Wednesday, April 13, 2011

The conservatives' Bizarro-world morality

‎"There is one idea that explains Republican behavior: moral disgust at income redistribution.... Opposition to the progressive income tax is at once a sacred and a hidden value for Republicans, and thus one that makes compromise nearly impossible. You cannot bargain with a partner whose stated goals are merely pretexts....

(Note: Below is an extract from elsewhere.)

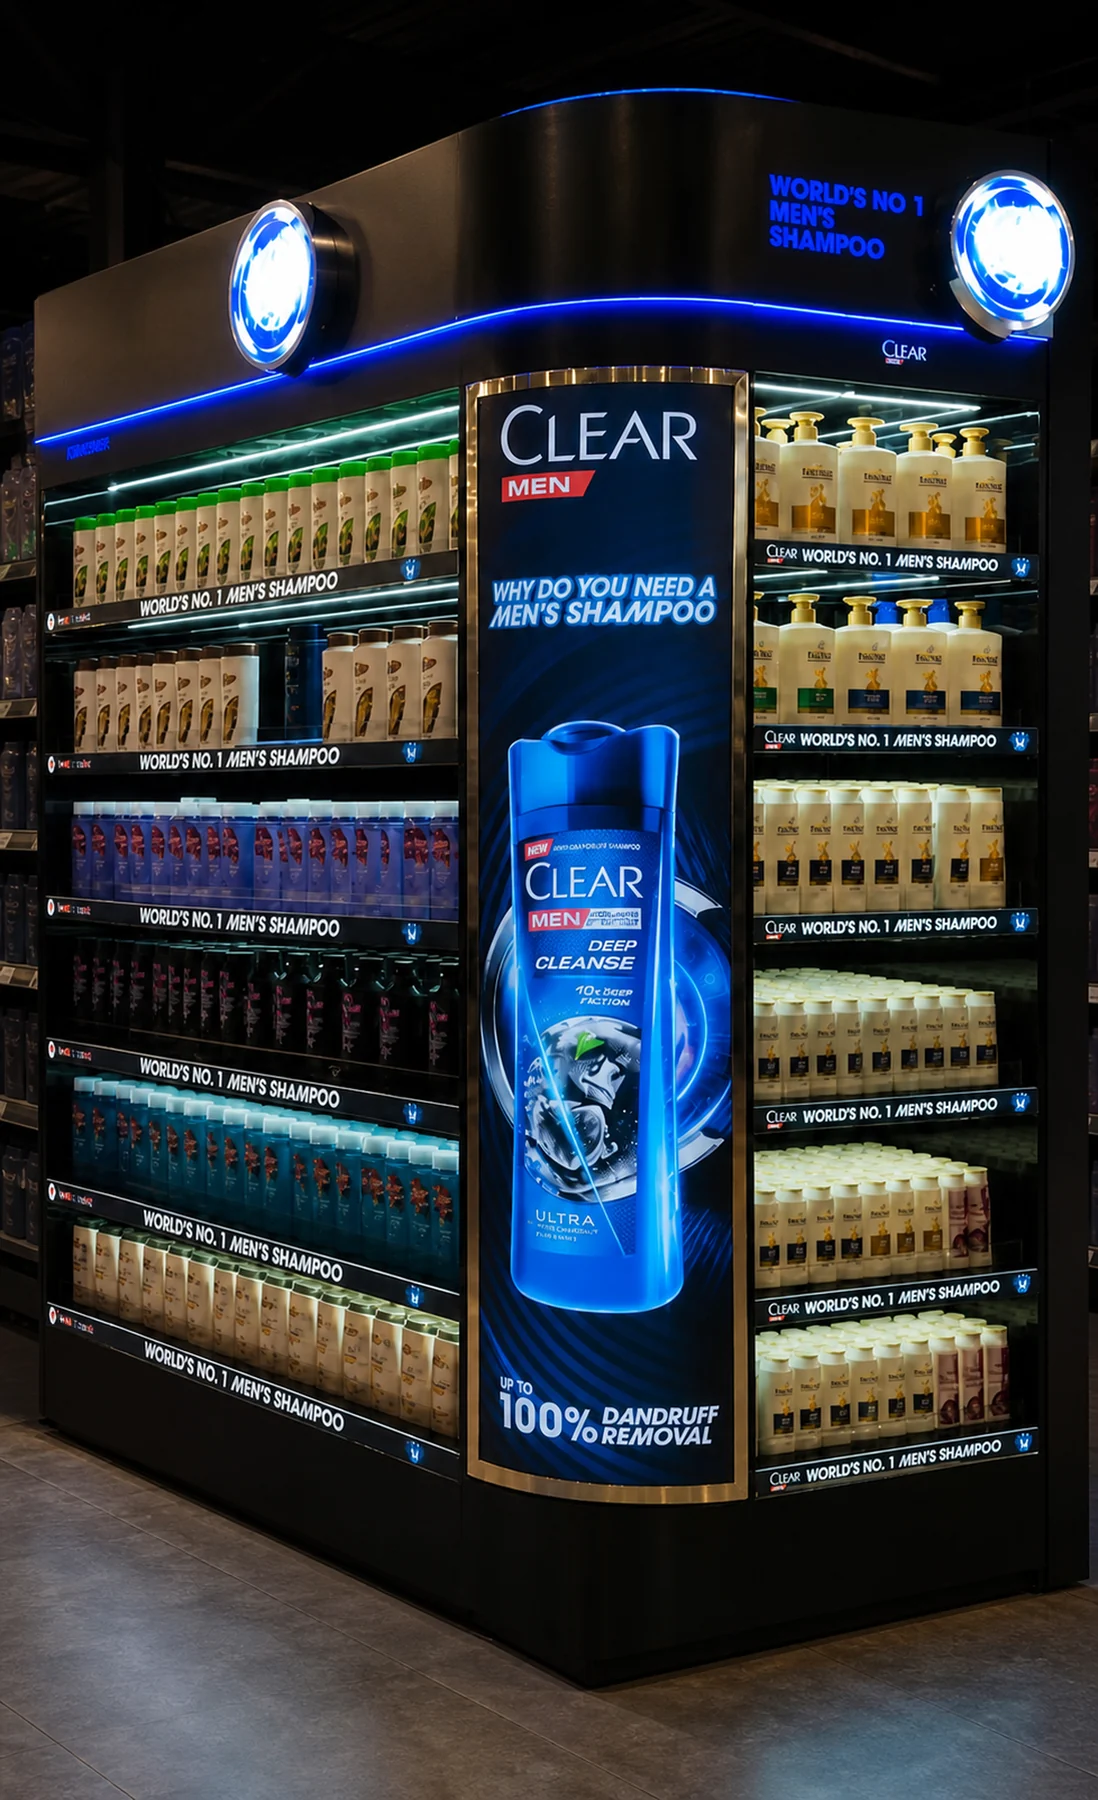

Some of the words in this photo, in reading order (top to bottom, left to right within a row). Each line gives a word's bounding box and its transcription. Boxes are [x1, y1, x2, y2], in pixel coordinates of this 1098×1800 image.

"The great irony of the recent triumph of [Ayn Rand's] vision on the right is that it takes place in conditions just the opposite. The poor and working classes have languished for decades, while the rich pull in unimaginable sums. This is the atmosphere that has paradoxically given rise to the right’s fervid class warfare."
The Triumph of Taxophobia - Democracy

Yep--somehow it keeps coming back to Rand. The attraction is baffling to those of us who do not experience what Randians apparently do, i.e., an unquestioned sense of superiority to the 99.9999999 percent of humanity who are not them. I mean, radial solipsism and comically distorted egos I can almost grasp--winning!--but this is flat out psyhopathology:

‎"She wrote of one of the protagonists of her stories that 'he does not understand, because he has no organ for understanding, the necessity, meaning, or importance of other people;' and she meant this as praise." http://www.colorado.edu/AmStudies/lewis/ecology/wealthcare.pdf.

‎"From almost any page of Atlas Shrugged, a voice can be heard, from painful necessity, commanding: 'To the gas chambers--go!'" - Whittaker Chambers, in a 1957 review of Rand's novel published in--wait for it--William F. Buckley's "National Review."

Note to Paul Ryan: this is not the kind of change we can believe in.